Fernando Medina anuncia programa Renda Segura

Devia ter arrancado no início do ano, mas a pandemia alterou os planos. Autarquia de Lisboa começou esta segunda-feira a arrendar casas para depois as subarrendar a famílias.

O Programa Renda Segura da Câmara de Lisboa, que prevê que a autarquia arrende casas a privados para depois as subarrendar, num custo anual para o município de quatro milhões de euros, é hoje apresentado por Fernando Medina, numa conferência de imprensa transmitida online.

O Programa Renda Segura (PRS) prevê que a autarquia arrende casas a privados, subarrendando-as posteriormente às famílias

Podem ser habitações devolutas, casas disponíveis no mercado de compra e venda e de arrendamento, fogos atualmente afetos a Alojamento Local ou outro tipo de habitação disponível em Lisboa.

Segundo os "valores de referência de renda", os limites máximos a pagar pelo município serão de 450 euros para um T0, 600 euros para um T1, 800 euros para um T2, 900 euros para um T3 e 1.000 euros para casas de tipologia T4 ou superior.

Os imóveis serão posteriormente subarrendados pelo município às famílias "aplicando-se renda acessível", programa criado no final do ano passado pela autarquia dirigido aos jovens e à classe média.

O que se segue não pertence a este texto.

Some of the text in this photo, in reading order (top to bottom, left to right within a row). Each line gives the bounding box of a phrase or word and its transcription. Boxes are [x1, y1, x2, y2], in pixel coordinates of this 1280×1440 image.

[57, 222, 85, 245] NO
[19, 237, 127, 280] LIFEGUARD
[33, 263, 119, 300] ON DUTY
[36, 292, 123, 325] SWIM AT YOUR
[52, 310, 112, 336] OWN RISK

O regulamento da Renda Acessível estabelece que cada pessoa ou família deverá gastar no máximo 30% do seu salário líquido na renda. De acordo com a câmara, o valor de um T0 varia entre 150 e 400 euros, o preço de um T1 situa-se entre 150 e 500 euros e um T2 terá um preço que pode ir dos 150 aos 600 euros, enquanto as tipologias superiores contarão com uma renda mínima de 200 euros e máxima de 800, segundo a agência Lusa.

O objetivo é contratar um conjunto de imóveis "de diferentes tipologias, para a totalidade das freguesias de concelho", existindo "a garantia do escrupuloso e atempado cumprimento da obrigação de pagamento das rendas, dado que o município, pela via contratual, assegura que todos os riscos e custos decorrentes de um eventual incumprimento do subarrendatário são eliminados", é referido na proposta agora aprovada.

O município financia este programa de apoio à classe média e aos jovens, "através dos acréscimos de receita fiscal sobre as transações imobiliárias que se têm registado nos últimos anos", assim como dos "decorrentes do recente agravamento fiscal do IMT [Imposto Municipal sobre a Transmissão Onerosa de Imóveis] nas transações de imóveis de elevado valor".

A câmara estima gastar quatro milhões de euros por ano com este programa, "para um total de mil contratos de arrendamento", valor que "resulta da consideração de uma renda média de 650 euros, deduzida da renda mensal recebida pelo município", adianta a proposta.

A proposta prevê ainda a criação de um regime especial de contratação de arrendamento com instituições particulares de solidariedade social e entidades particulares de interesse público.